Tom Sexton (born 1940) is an Alaskan poet and scholar who became the state's Poet Laureate in 1995

Childhood and education
Sexton grew up in Lowell, Massachusetts. After graduating from Lowell High School in 1958, he spent three years in the Army – two of them stationed in Alaska. He then worked odd jobs, before enrolling in Northern Essex Community College in Haverhill, Massachusetts, where he helped found the college's literary magazine Parnassus, a multi-award winning publication still in print today. 

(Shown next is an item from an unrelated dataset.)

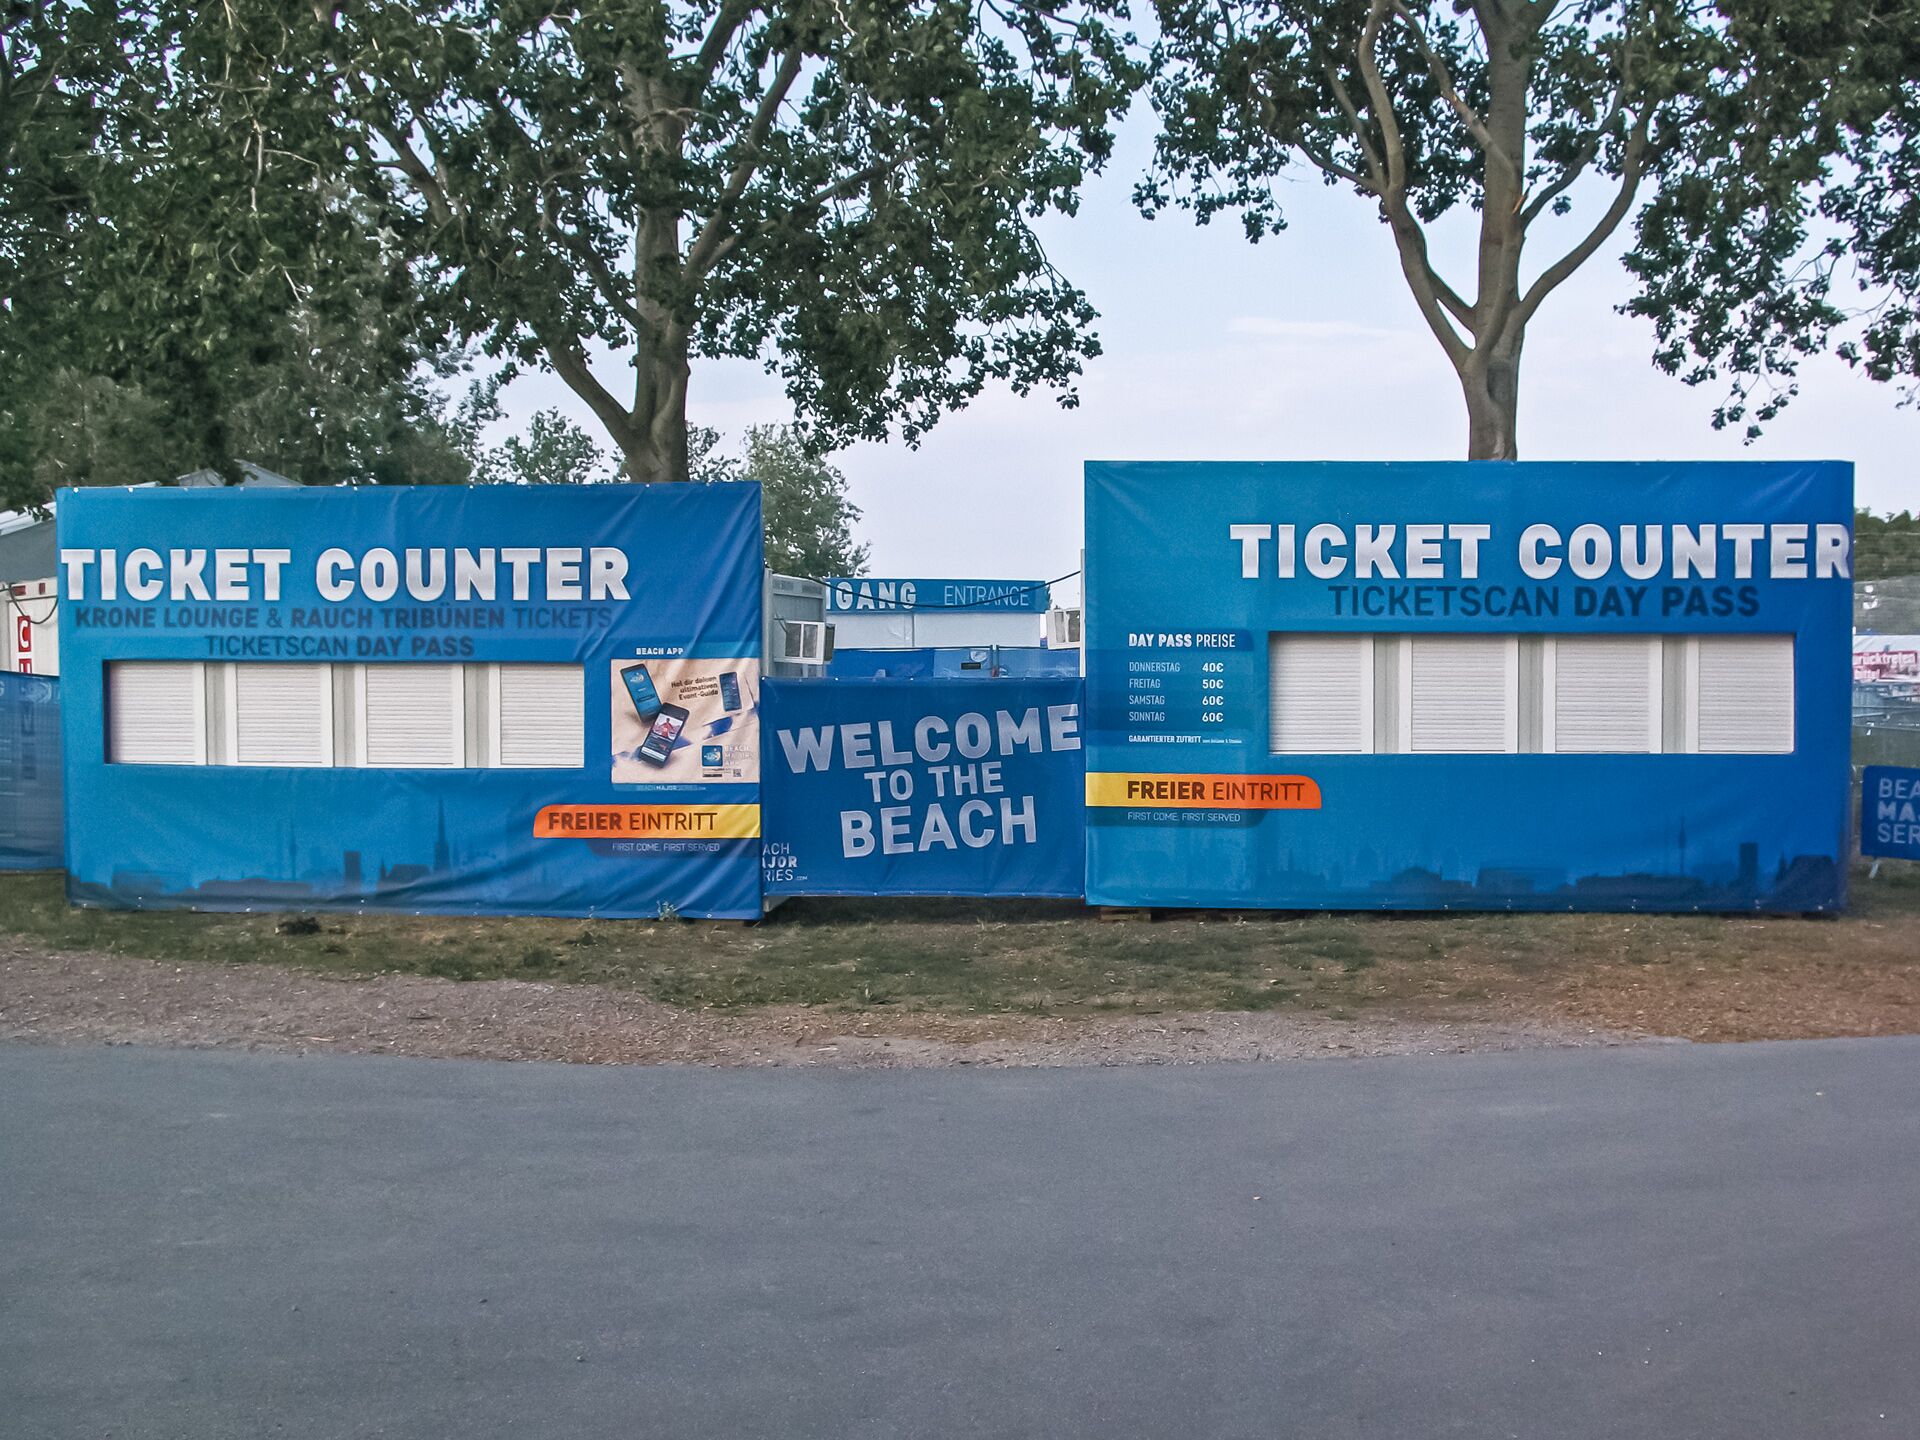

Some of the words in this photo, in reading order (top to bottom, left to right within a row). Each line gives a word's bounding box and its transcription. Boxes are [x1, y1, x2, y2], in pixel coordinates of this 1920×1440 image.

He went on to enter Salem State College, graduating in 1968 with a bachelor's degree in English. He then went to the University of Alaska, where he earned a Master of Fine Arts degree and was hired to help establish the English Department at the newly opened Anchorage Campus.

Career
From 1970 to 1994, Sexton taught English and creative writing at the University of Alaska – Anchorage where he established the creative writing program and served as English Department chair for several years. He was a founding editor of the Alaska Quarterly Review, leaving the magazine when he retired in 1994. He was appointed Alaska's Poet Laureate in 1995, having been selected by the Alaska State Council on the Arts (AKSCA) and confirmed by the Alaskan legislature.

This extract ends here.